- **Problem description**: Return exactly the span that opens with the line containing "this 1920×1080 image." and closes with the final line of the records, both included.

Referring expression grounding data:

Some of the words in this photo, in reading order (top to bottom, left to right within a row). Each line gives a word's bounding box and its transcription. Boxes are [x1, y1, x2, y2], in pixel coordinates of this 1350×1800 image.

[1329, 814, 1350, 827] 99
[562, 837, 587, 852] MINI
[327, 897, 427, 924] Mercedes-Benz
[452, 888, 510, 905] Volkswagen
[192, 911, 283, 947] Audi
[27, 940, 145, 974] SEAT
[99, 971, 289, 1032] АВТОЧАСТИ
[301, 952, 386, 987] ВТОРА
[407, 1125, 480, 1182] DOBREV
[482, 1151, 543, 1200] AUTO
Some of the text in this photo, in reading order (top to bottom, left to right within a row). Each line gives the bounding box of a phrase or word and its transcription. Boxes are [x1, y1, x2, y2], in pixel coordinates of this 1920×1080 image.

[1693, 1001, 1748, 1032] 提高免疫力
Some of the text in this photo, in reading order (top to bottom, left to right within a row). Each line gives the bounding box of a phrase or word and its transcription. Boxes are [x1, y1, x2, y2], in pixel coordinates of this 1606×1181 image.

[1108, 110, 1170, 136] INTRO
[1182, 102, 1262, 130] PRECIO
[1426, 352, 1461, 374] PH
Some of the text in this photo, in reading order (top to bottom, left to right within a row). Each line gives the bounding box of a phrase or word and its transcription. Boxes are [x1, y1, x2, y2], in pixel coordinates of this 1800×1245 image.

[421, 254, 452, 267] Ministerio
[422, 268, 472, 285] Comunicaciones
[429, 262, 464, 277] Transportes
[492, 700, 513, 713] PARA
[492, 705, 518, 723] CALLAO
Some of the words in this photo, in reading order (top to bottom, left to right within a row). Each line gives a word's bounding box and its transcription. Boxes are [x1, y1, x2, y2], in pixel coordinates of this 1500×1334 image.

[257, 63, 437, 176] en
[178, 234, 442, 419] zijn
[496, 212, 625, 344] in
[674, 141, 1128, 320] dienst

- **Result**:
Some of the text in this photo, in reading order (top to bottom, left to right within a row). Each line gives the bounding box of a phrase or word and its transcription. Boxes are [x1, y1, x2, y2], in pixel coordinates of this 1920×1080 image.

[1693, 1001, 1748, 1032] 提高免疫力
Some of the text in this photo, in reading order (top to bottom, left to right within a row). Each line gives the bounding box of a phrase or word and its transcription. Boxes are [x1, y1, x2, y2], in pixel coordinates of this 1606×1181 image.

[1108, 110, 1170, 136] INTRO
[1182, 102, 1262, 130] PRECIO
[1426, 352, 1461, 374] PH
Some of the text in this photo, in reading order (top to bottom, left to right within a row). Each line gives the bounding box of a phrase or word and its transcription. Boxes are [x1, y1, x2, y2], in pixel coordinates of this 1800×1245 image.

[421, 254, 452, 267] Ministerio
[422, 268, 472, 285] Comunicaciones
[429, 262, 464, 277] Transportes
[492, 700, 513, 713] PARA
[492, 705, 518, 723] CALLAO
Some of the words in this photo, in reading order (top to bottom, left to right within a row). Each line gives a word's bounding box and its transcription. Boxes are [x1, y1, x2, y2], in pixel coordinates of this 1500×1334 image.

[257, 63, 437, 176] en
[178, 234, 442, 419] zijn
[496, 212, 625, 344] in
[674, 141, 1128, 320] dienst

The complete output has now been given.